Omicidio Mastropietro, Oseghale ammette: "Ho fatto a pezzi il cadavere"
Il ventinovenne nigeriano, però, continua a negare di avere ucciso Pamela

Ha ammesso di averla fatta a pezzi, ma ha negato ancora una volta l'omicidio. Sono le nuove e terribili rivelazioni fatte da Innocent Oseghale, che durante l'interrogatorio nel carcere di Marino del Tronto ha confessato di aver sezionato il corpo di Pamela Mastropietro, la 18enne di Roma ammazzata e smembrata a Macerata il 30 gennaio scorso. Il 29enne nigeriano è accusato di omicidio, violenza sessuale, vilipendio, distruzione e occultamento di cadavere. Il giovane, assistito dai legali Simone Matraxia e Umberto Gramenzi, ha però respinto le accuse di omicidio e di violenza sessuale.

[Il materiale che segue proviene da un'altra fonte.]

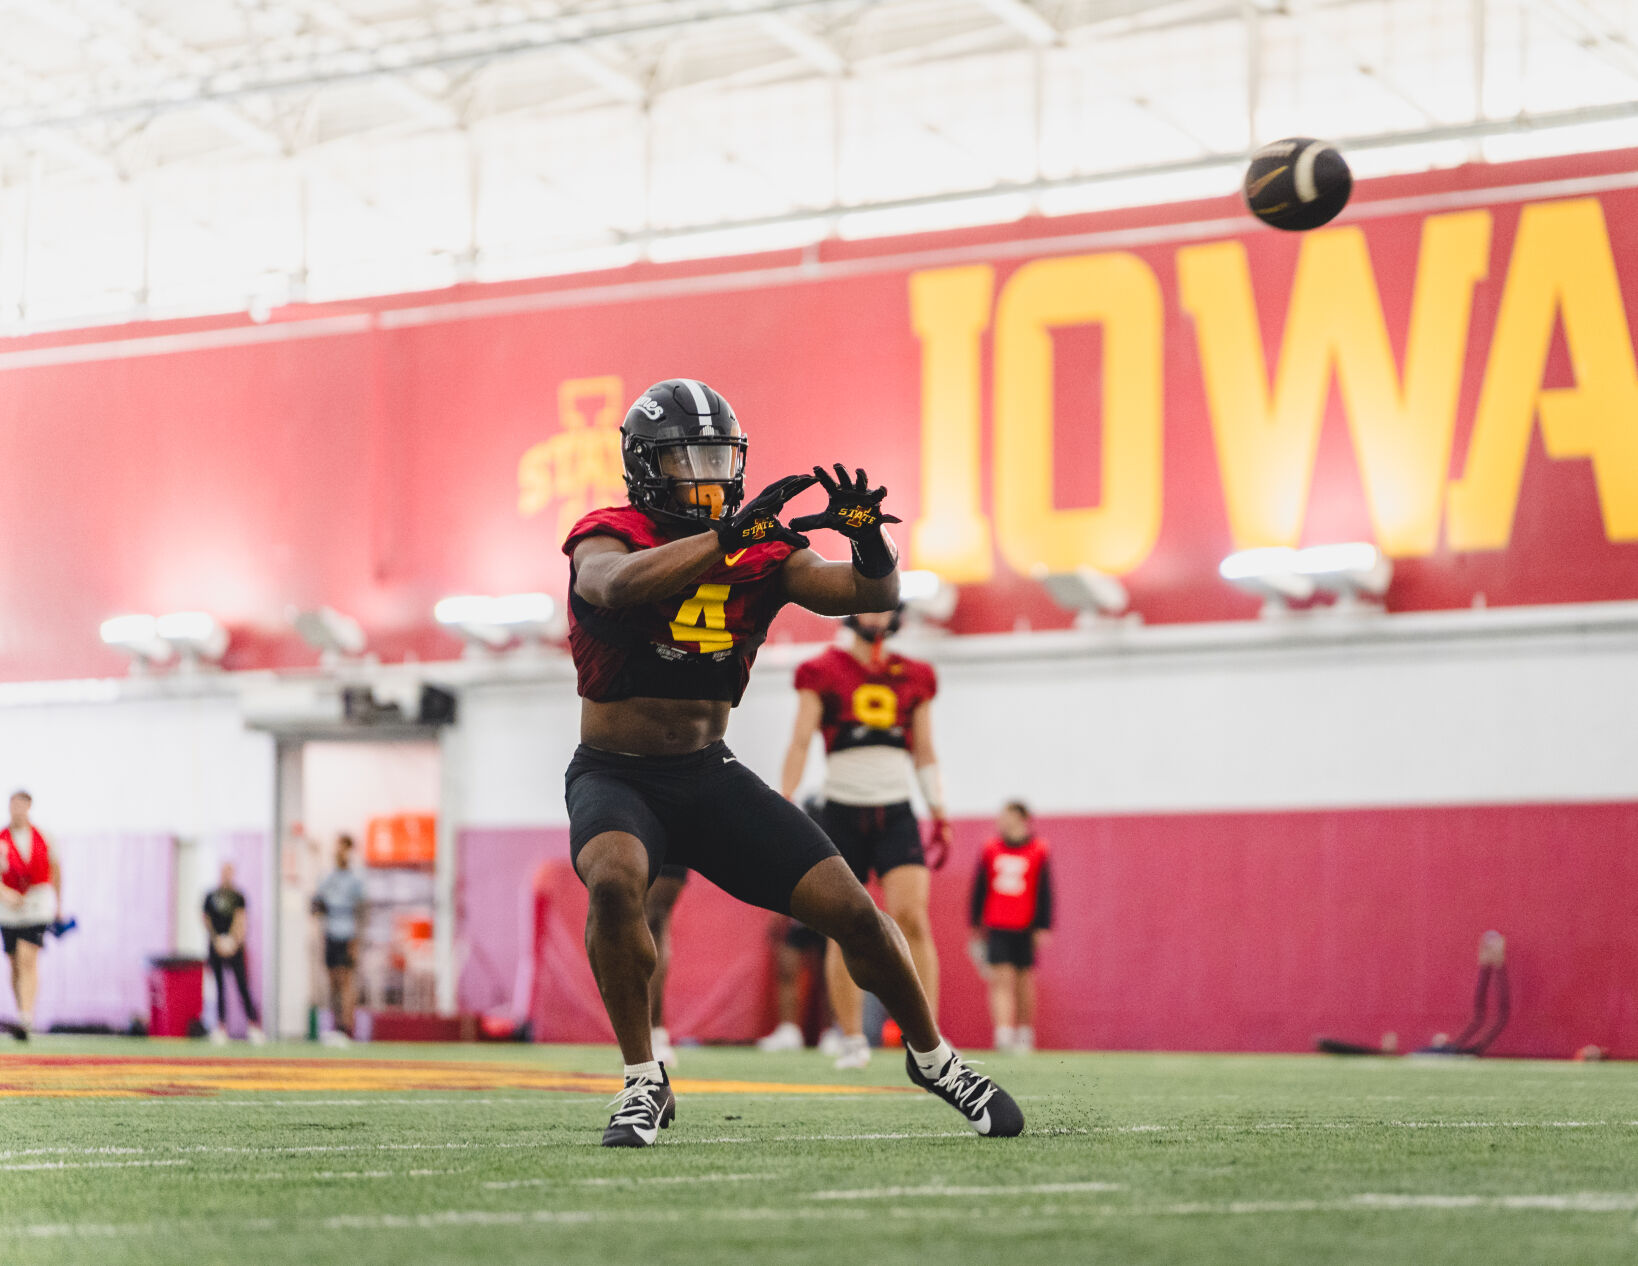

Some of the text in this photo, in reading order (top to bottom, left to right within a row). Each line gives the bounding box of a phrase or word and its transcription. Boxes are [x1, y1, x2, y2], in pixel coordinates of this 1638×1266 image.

[909, 198, 1638, 583] IOWA
[742, 519, 775, 538] STATE
[838, 507, 877, 526] STATE
[669, 583, 734, 654] 4
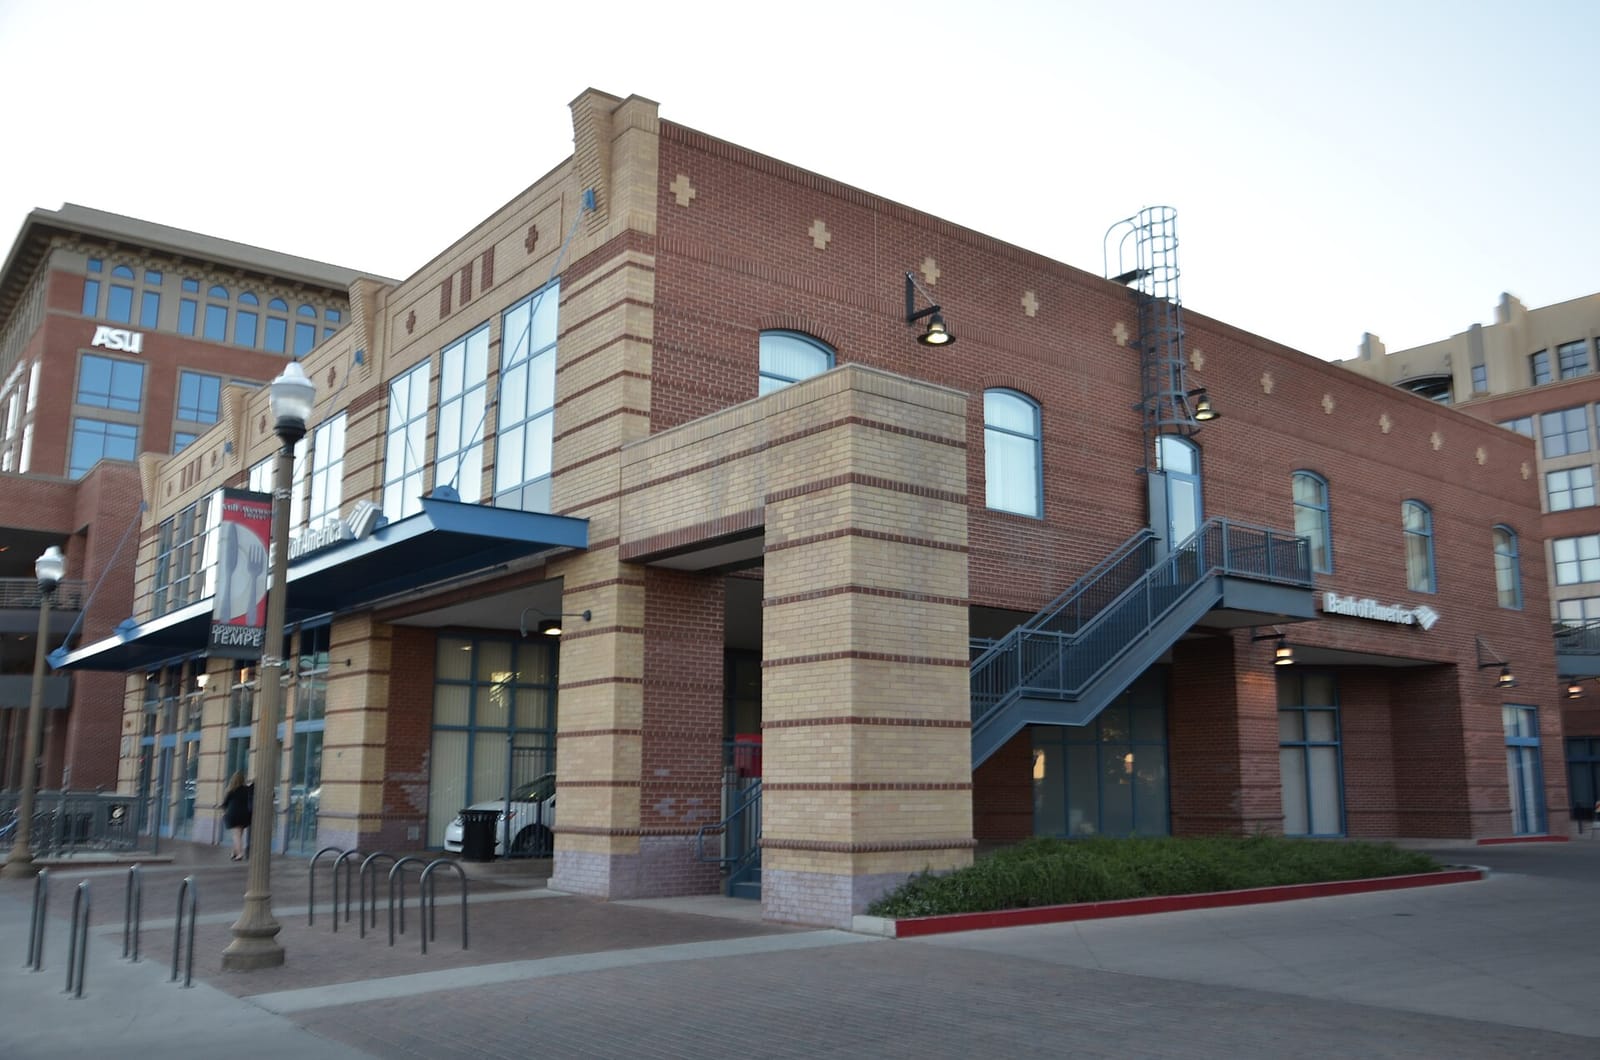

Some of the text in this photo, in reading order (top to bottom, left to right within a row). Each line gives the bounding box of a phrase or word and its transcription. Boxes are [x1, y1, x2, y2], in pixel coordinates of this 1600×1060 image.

[91, 325, 144, 354] ASU
[301, 522, 342, 554] America
[1323, 592, 1357, 613] Bank
[1367, 599, 1413, 625] America
[212, 624, 261, 637] DOWNTOWN
[212, 631, 261, 647] TEMPE

"Quella sera (il 30 gennaio scorso, ndr) Pamela si è iniettata in casa mia l'eroina e subito dopo si è sentita male - avrebbe detto Oseghale secondo la ricostruzione di Quarto Grado -. Ho avuto paura. Lei non rispondeva più. Sono uscito a fare delle consegne. Quando sono tornato lei era morta. A quel punto sono uscito a comprare un sacco per nascondere il corpo. Non ci sono riuscito perché il sacco era piccolo. Ho preso così la decisione di sezionare il corpo. Non l'avevo mai fatto prima". Secondo il 29enne, Pamela sarebbe così deceduta per un malore dopo aver assunto droga in casa sua.

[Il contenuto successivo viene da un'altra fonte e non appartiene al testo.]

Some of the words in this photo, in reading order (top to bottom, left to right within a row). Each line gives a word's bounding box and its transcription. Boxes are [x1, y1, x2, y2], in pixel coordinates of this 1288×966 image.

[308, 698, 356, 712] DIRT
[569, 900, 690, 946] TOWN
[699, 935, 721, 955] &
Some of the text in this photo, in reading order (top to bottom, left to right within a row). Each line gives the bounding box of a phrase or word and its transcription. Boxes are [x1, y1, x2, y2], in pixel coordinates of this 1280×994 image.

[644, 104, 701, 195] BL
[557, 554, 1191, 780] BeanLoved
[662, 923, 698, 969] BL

PRIMA AMMISSIONE DOPO MESI. Fino a oggi il giovane aveva sempre negato di aver sezionato il corpo della 18enne romana, ma la sua versione non è mai stata ritenuta credibile dagli inquirenti. Che anzi sospettano che Pamela dopo aver consumato l'eroina sia stata anche stuprata prima di morire. Le indagini del Ris hanno infatti evidenziato tracce del dna di Oseghale sui resti di Mastropietro. Al momento per il suo omicidio sono in carcere il ventiduenne Lucky Desmond e il ventisettenne Awelima Lucky, indagati con Oseghale per omicidio in concorso.